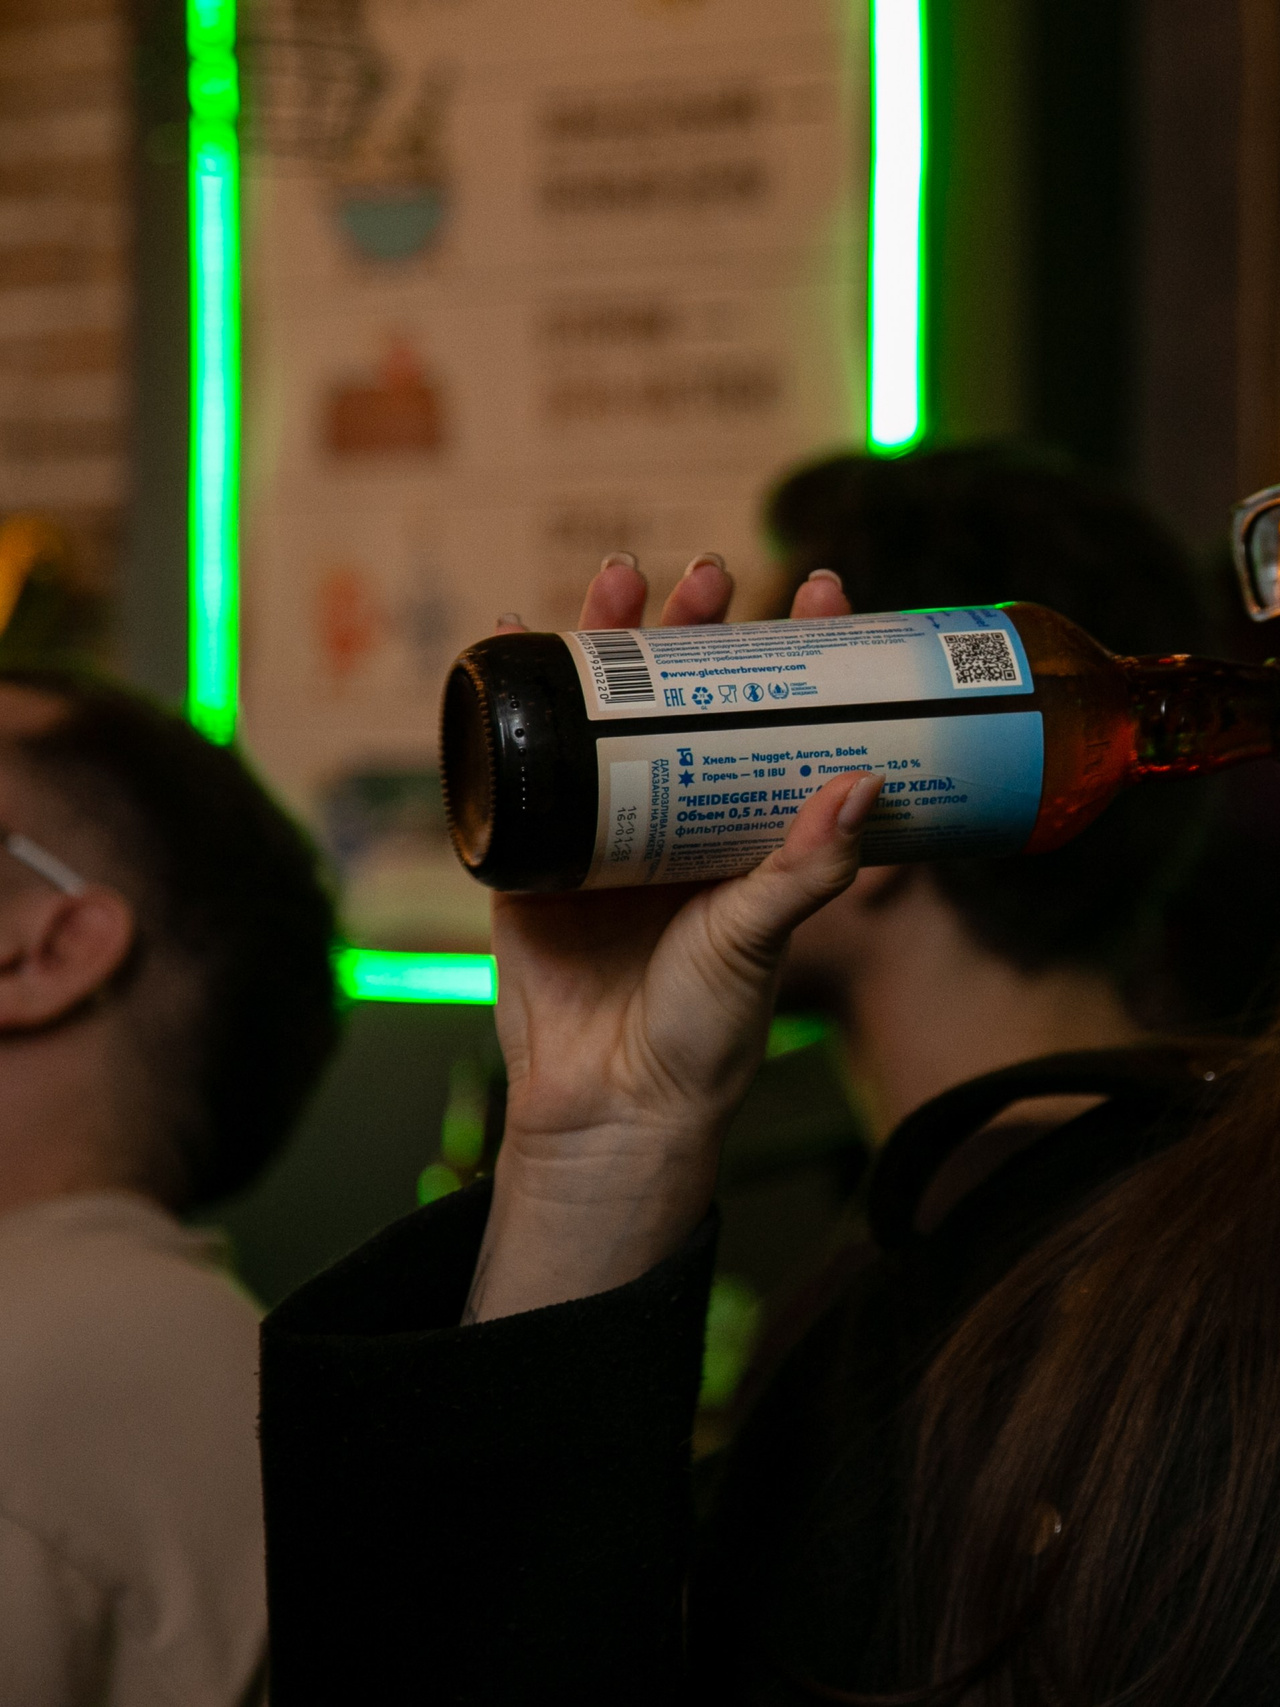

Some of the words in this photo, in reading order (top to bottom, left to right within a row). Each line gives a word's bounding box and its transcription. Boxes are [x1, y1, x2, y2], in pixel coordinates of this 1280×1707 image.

[656, 657, 711, 665] Соответствует
[669, 663, 806, 678] www.gletcherbrewery.com
[702, 755, 737, 766] Хмель
[751, 751, 794, 763] Nugget,
[796, 748, 834, 759] Aurora,
[835, 746, 868, 757] Bobek
[659, 759, 670, 784] ДАТА
[817, 762, 873, 774] Плотность
[887, 760, 908, 770] 12,0
[910, 758, 921, 768] %
[651, 759, 660, 806] УКАЗАНЫ
[702, 772, 738, 783] Горечь
[753, 768, 765, 778] 18
[767, 767, 786, 777] IBU
[908, 776, 956, 792] ХЕЛЬ).
[650, 808, 659, 821] НА
[658, 786, 670, 829] РОЗЛИВА
[676, 809, 725, 822] Объем
[728, 807, 750, 819] 0,5
[753, 807, 767, 817] л.
[875, 796, 911, 809] Пиво
[914, 794, 968, 806] светлое
[675, 820, 784, 837] фильтрованное
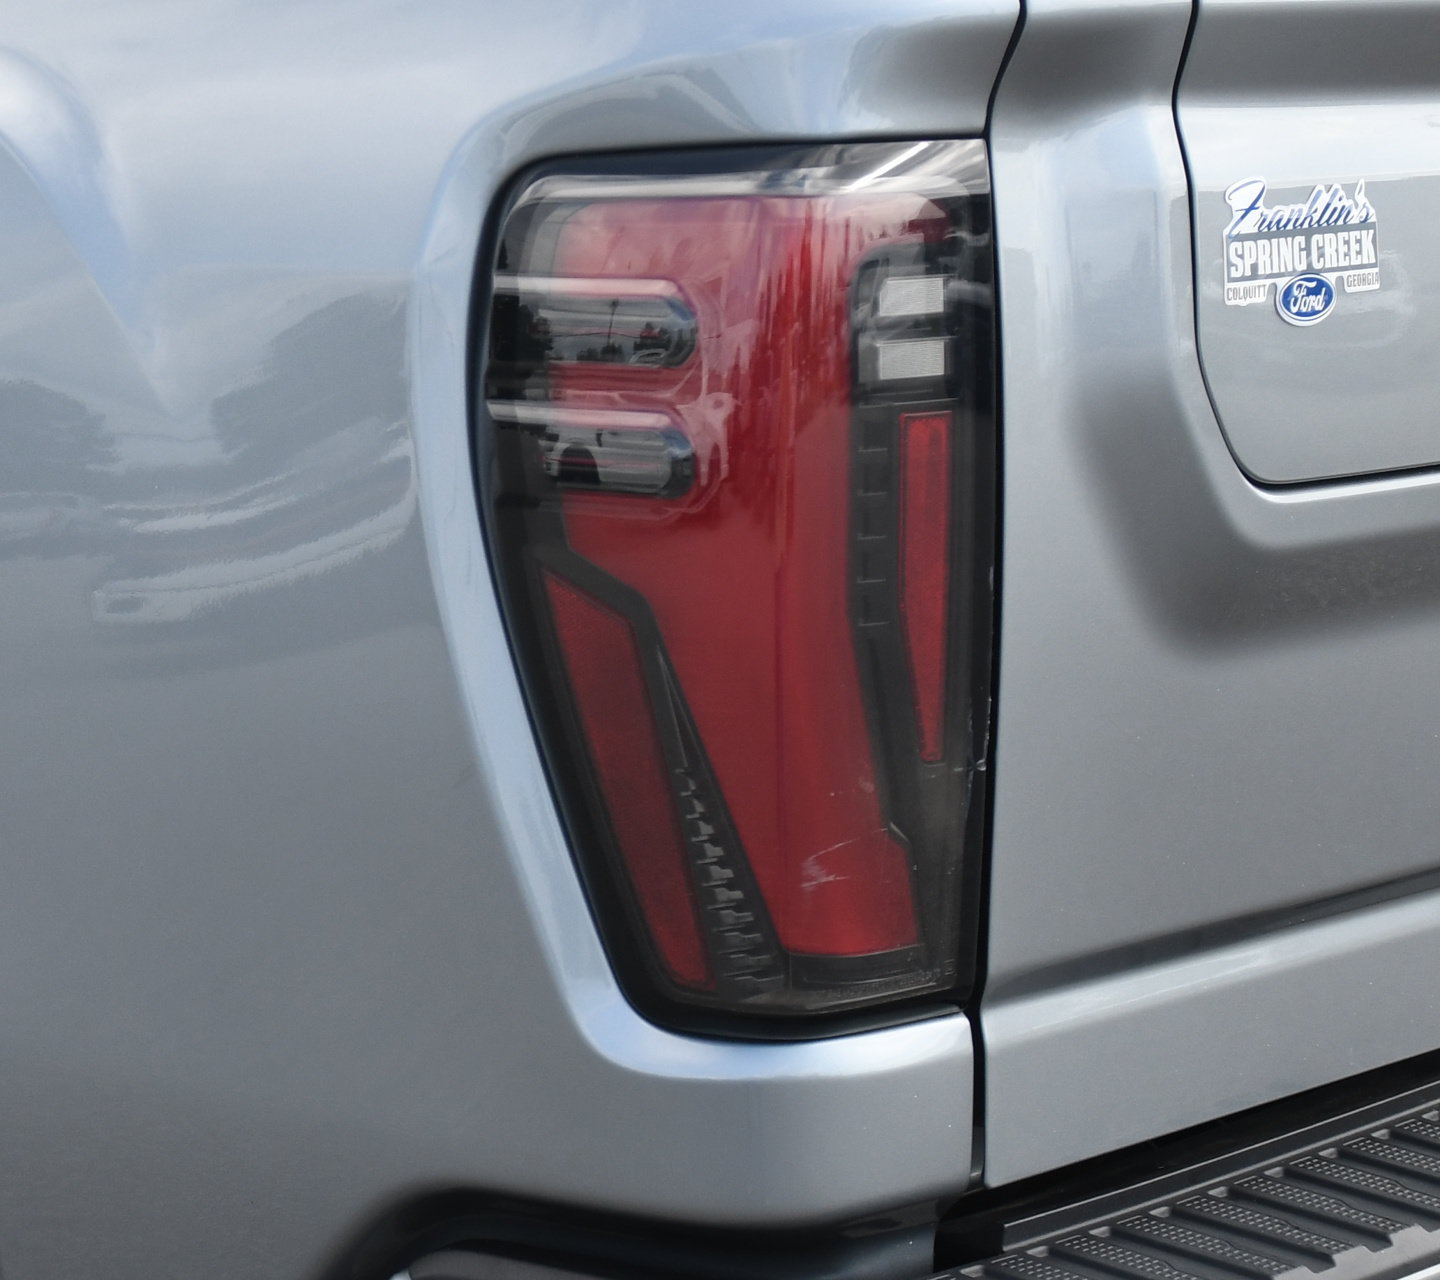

::::::::::

What is needed is a verbatim copy of the entries, leaving out any pictures.

Some of the words in this photo, in reading order (top to bottom, left to right within a row). Each line gives a word's bounding box and its transcription. Boxes are [x1, y1, x2, y2], in pixel coordinates of this 1280×1707 image.

[656, 657, 711, 665] Соответствует
[669, 663, 806, 678] www.gletcherbrewery.com
[702, 755, 737, 766] Хмель
[751, 751, 794, 763] Nugget,
[796, 748, 834, 759] Aurora,
[835, 746, 868, 757] Bobek
[659, 759, 670, 784] ДАТА
[817, 762, 873, 774] Плотность
[887, 760, 908, 770] 12,0
[910, 758, 921, 768] %
[651, 759, 660, 806] УКАЗАНЫ
[702, 772, 738, 783] Горечь
[753, 768, 765, 778] 18
[767, 767, 786, 777] IBU
[908, 776, 956, 792] ХЕЛЬ).
[650, 808, 659, 821] НА
[658, 786, 670, 829] РОЗЛИВА
[676, 809, 725, 822] Объем
[728, 807, 750, 819] 0,5
[753, 807, 767, 817] л.
[875, 796, 911, 809] Пиво
[914, 794, 968, 806] светлое
[675, 820, 784, 837] фильтрованное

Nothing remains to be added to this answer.